El Gobierno de Nuevo León aseguró este domingo que anualmente reciben 90 mil migrantes de otros estados del país, por lo que han tenido que realizar esfuerzos presupuestales extraordinarios ante la presión económica que esto genera.

Waldo Fernández, encargado del despacho de la Coordinación Ejecutiva, dijo que ante tal situación el Congreso local debe de legislar en materia de derechos humanos, mientras que el Estado se encarga de integrar a la vida productiva a quienes dejan sus ciudades de origen para radicar en la entidad.

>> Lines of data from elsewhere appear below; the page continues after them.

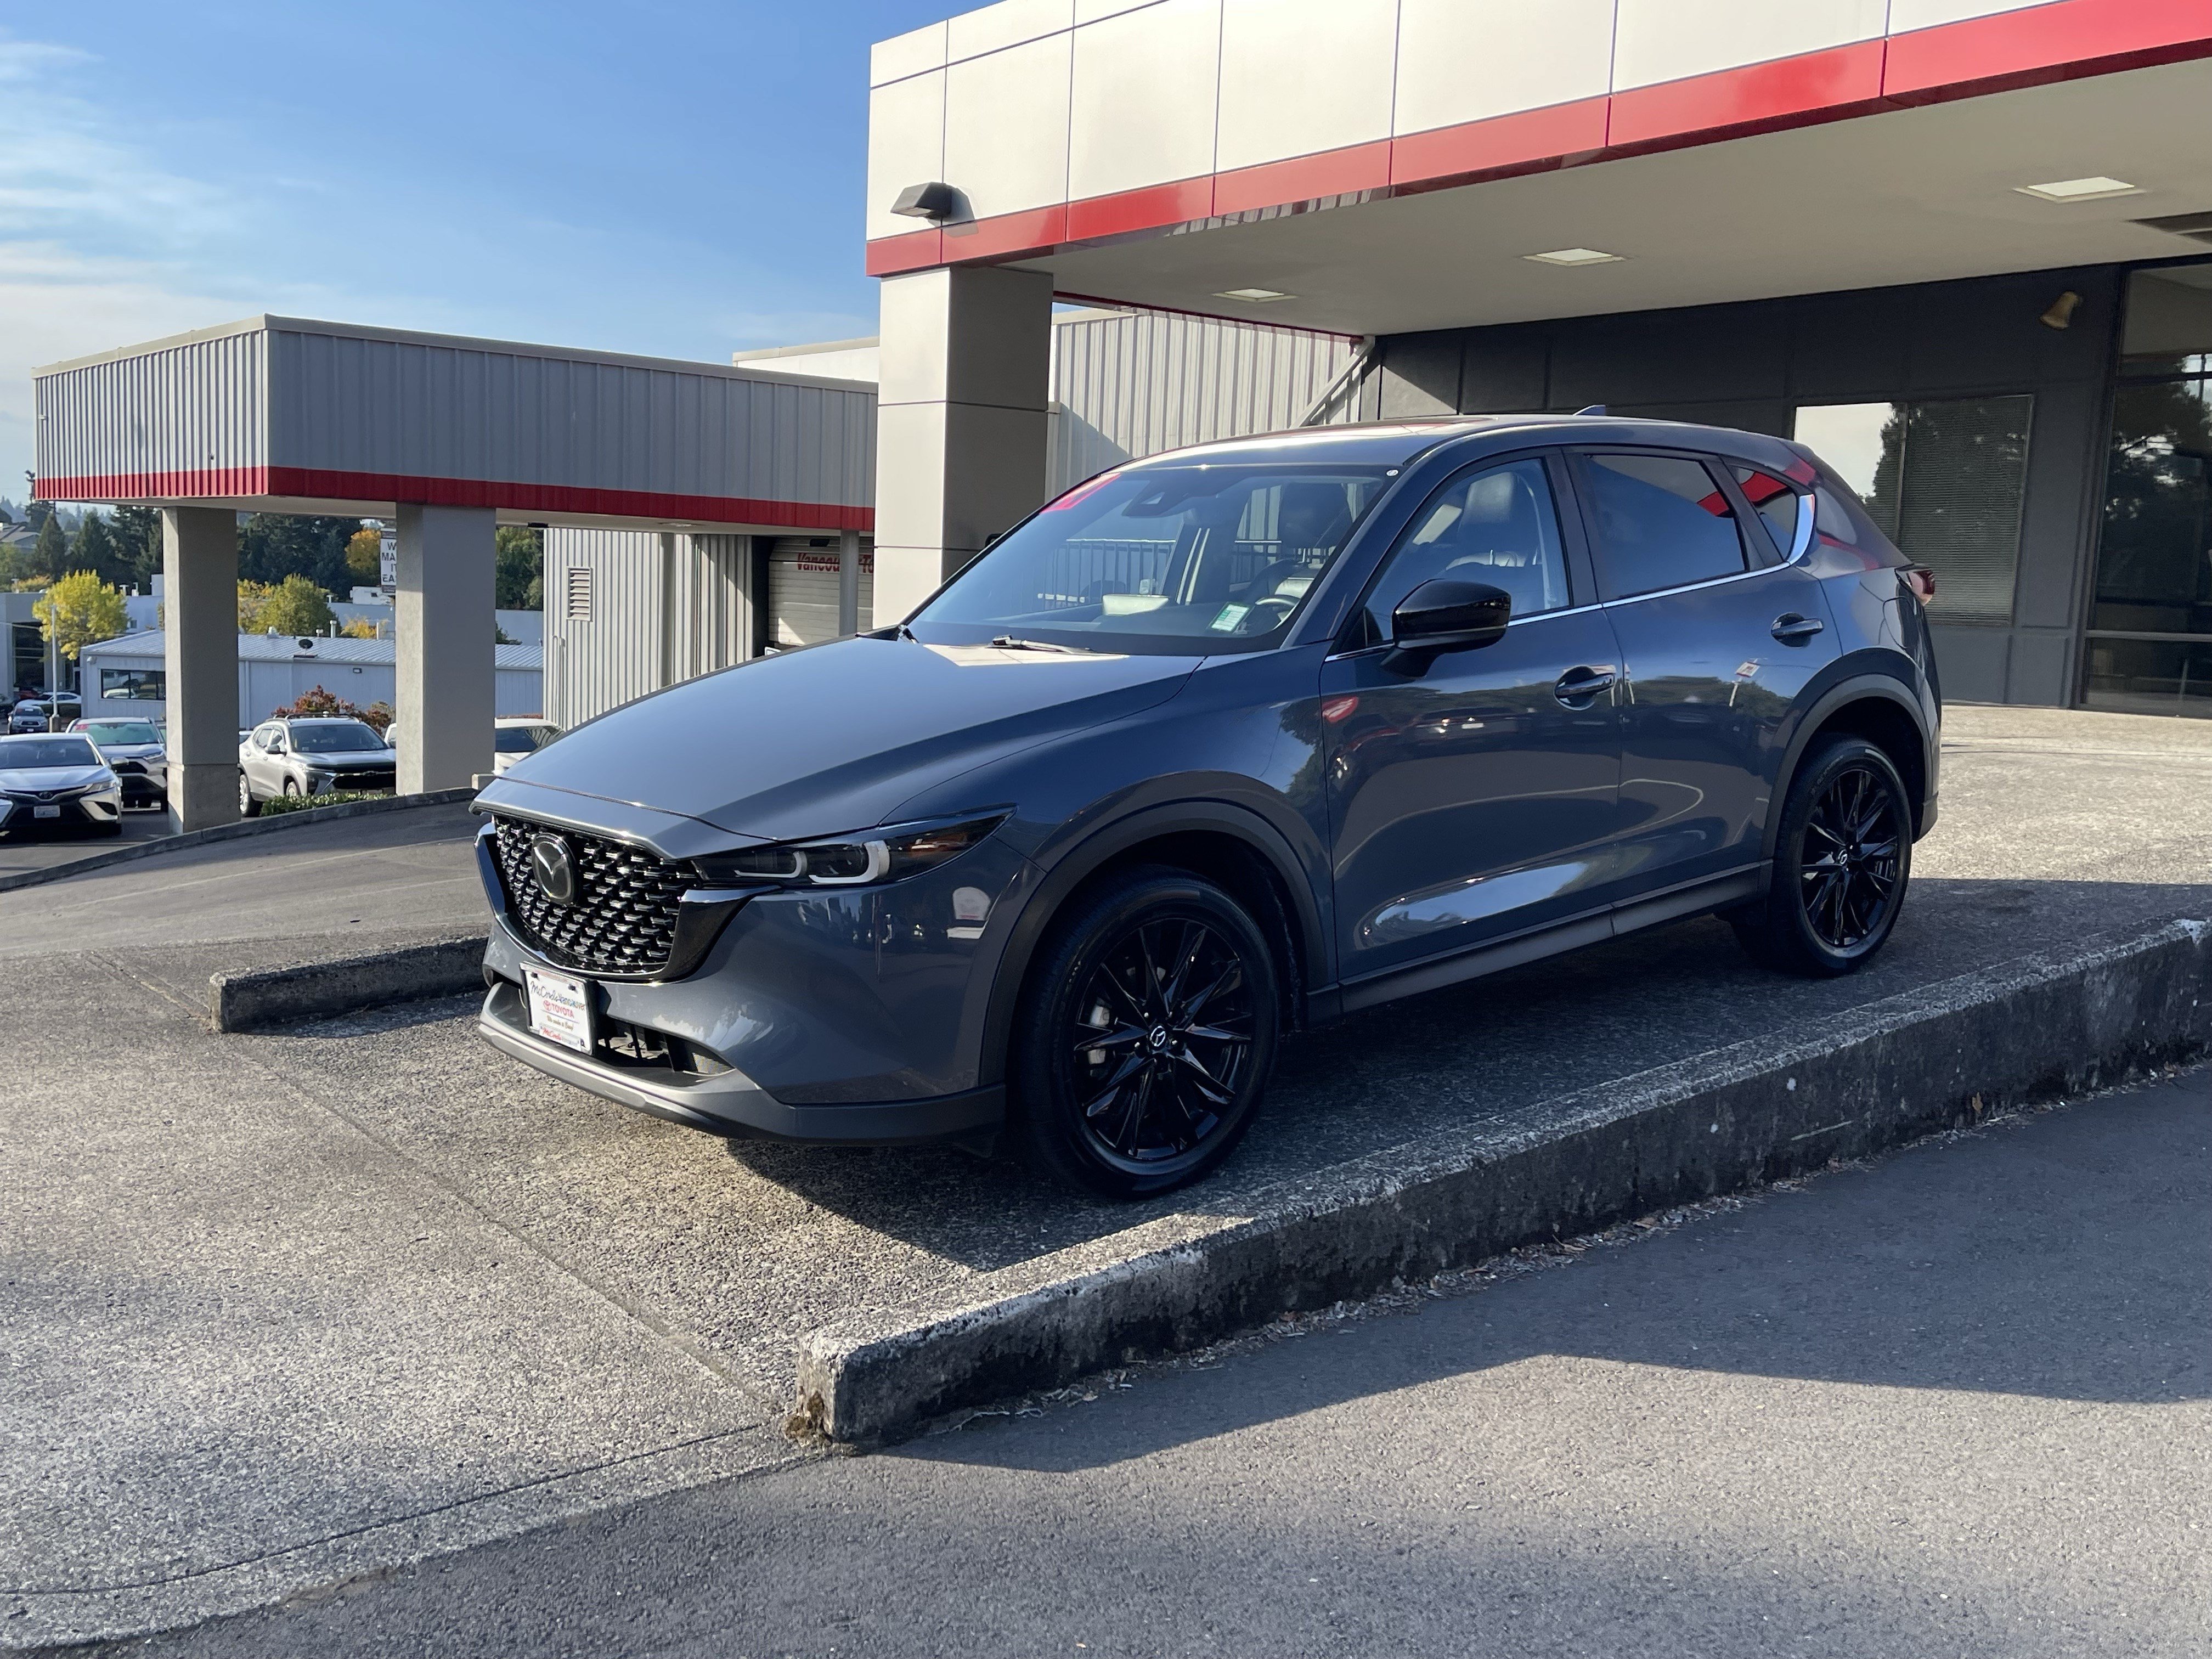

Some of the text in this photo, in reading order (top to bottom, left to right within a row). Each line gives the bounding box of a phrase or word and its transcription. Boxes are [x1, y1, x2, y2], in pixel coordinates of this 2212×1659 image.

[381, 552, 396, 562] MA
[797, 552, 840, 572] Vancou
[382, 574, 395, 583] EA
[551, 1003, 574, 1019] TOYOTA
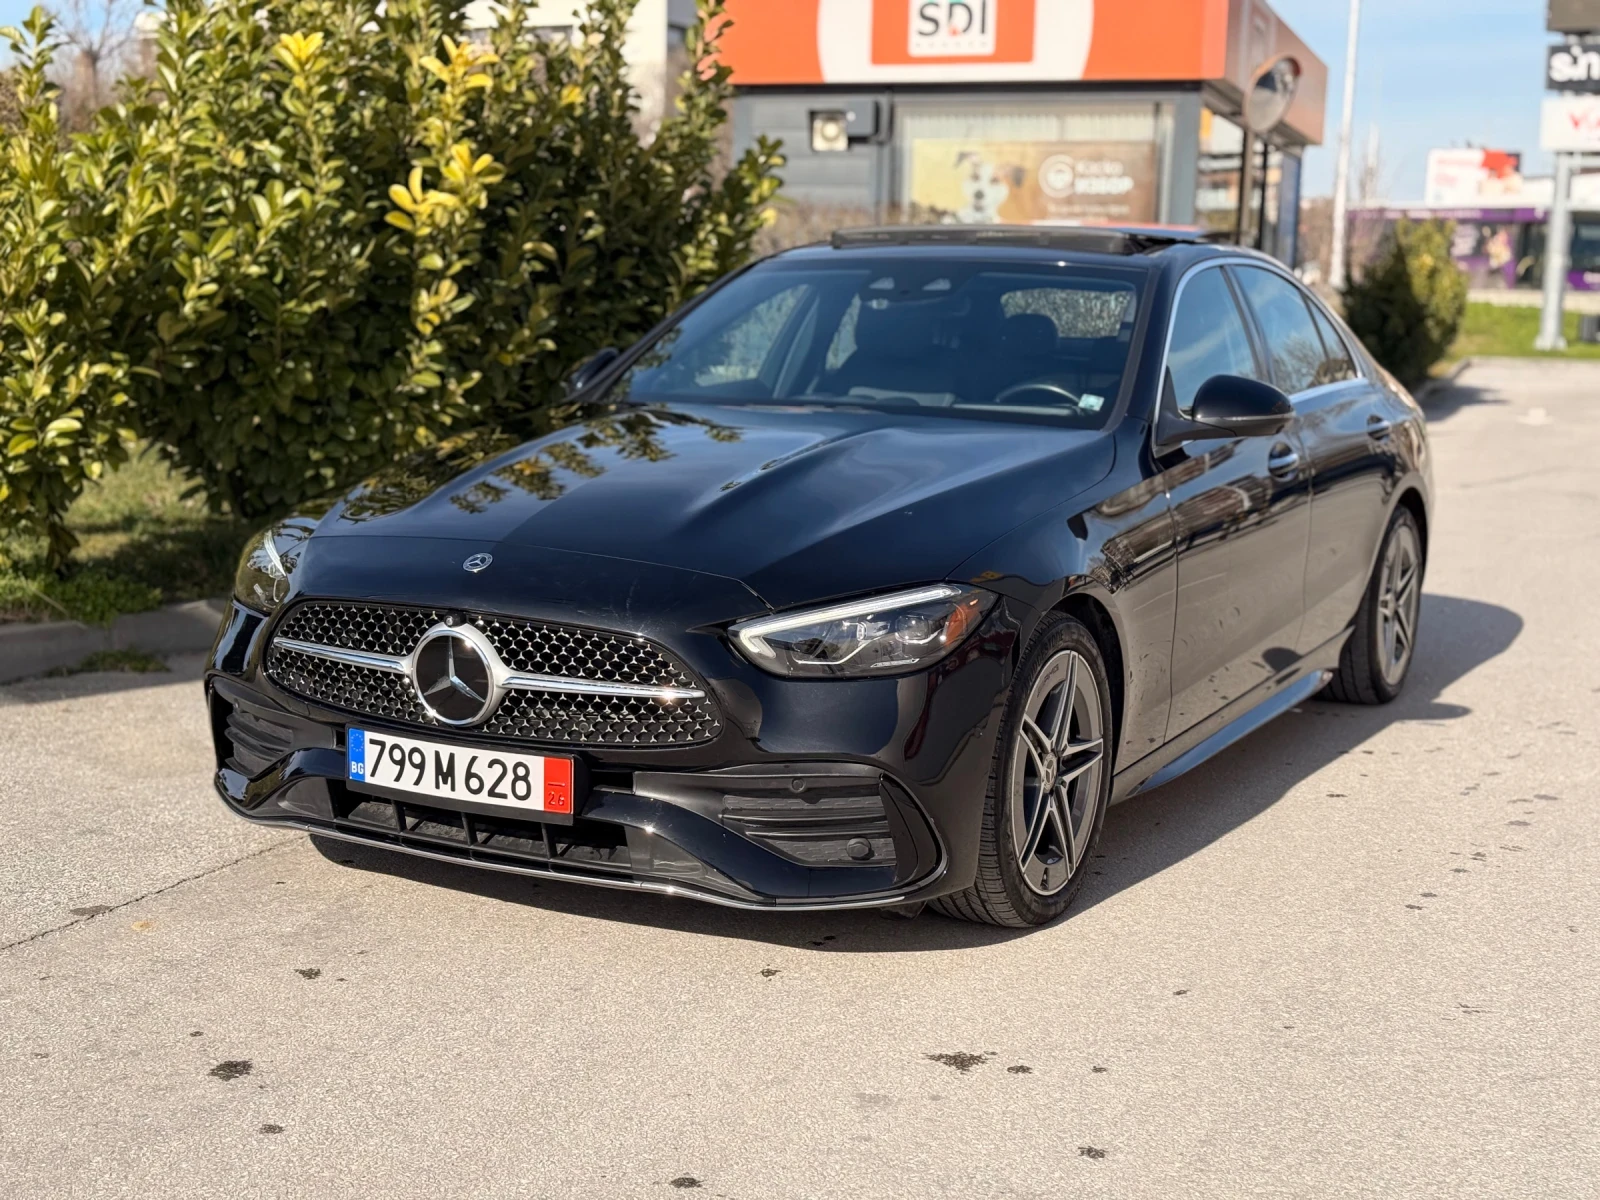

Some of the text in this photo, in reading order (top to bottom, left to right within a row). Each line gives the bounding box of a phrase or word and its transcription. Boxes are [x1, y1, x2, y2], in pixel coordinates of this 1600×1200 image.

[917, 0, 986, 36] SDI
[351, 761, 364, 774] BG
[548, 791, 565, 806] 26

“Aquí es importante los efectos de la migración que tiene en nuestro sistema educativo: somos un estado donde la ONU ha reconocido que las personas que vienen a vivir a Nuevo León se integran a la sociedad; mexicanos y mexicanas libres que deciden a venir a vivir en Nuevo León”.

“Se habla de 90 mil personas que se vienen a vivir, algo así como un Cadereyta cada año. Se van creando en diferentes poblaciones y ellos también participan y los absorbe el sistema educativo del Estado”.

El funcionario recalcó que esto obliga a Estado y municipios a una presión económica importante para atender la demanda de los nuevos ciudadanos: “Estamos haciendo todos los esfuerzos presupuestales que se requieren, y esto le genera una presión económica al estado y a los municipios; los municipios tienen que dar los servicios públicos, y el Estado tiene que dar seguridad, salud y educación y lo estamos haciendo”.

“Vendrá alguien de la Naciones Unidas en la semana a platicar de todo lo bien que ha integrado Nuevo León a connacionales en el proceso productivo. La ventaja de ellos es que la mayoría tiene algún familiar y luego se integran”.

Además, Fernández informó sobre el gasto federalizado y el local en materia de educación, donde Nuevo León destina el 36 por ciento del presupuesto estatal al rubro de la educación. A pesar de que Nuevo León recibe anualmente cerca de 90 mil migrantes del interior del país, el Estado no promoverá campañas contra la discriminación.

“Cualquier persona que esté en el estado que se comporte conforme a la ley, puede estar. Quien no, tendrá que ser sancionado como cualquier otro ciudadano. Yo no puedo entrar en la psique colectiva, ni en la de cada persona para que cambie su manera de pensar”.

“Creo que viene mucho de la formación de cada persona. Aquí se da una formación educativa, pero la parte de la ciudadanía le toma a la familia con sus diversas posibilidades de pensamiento”.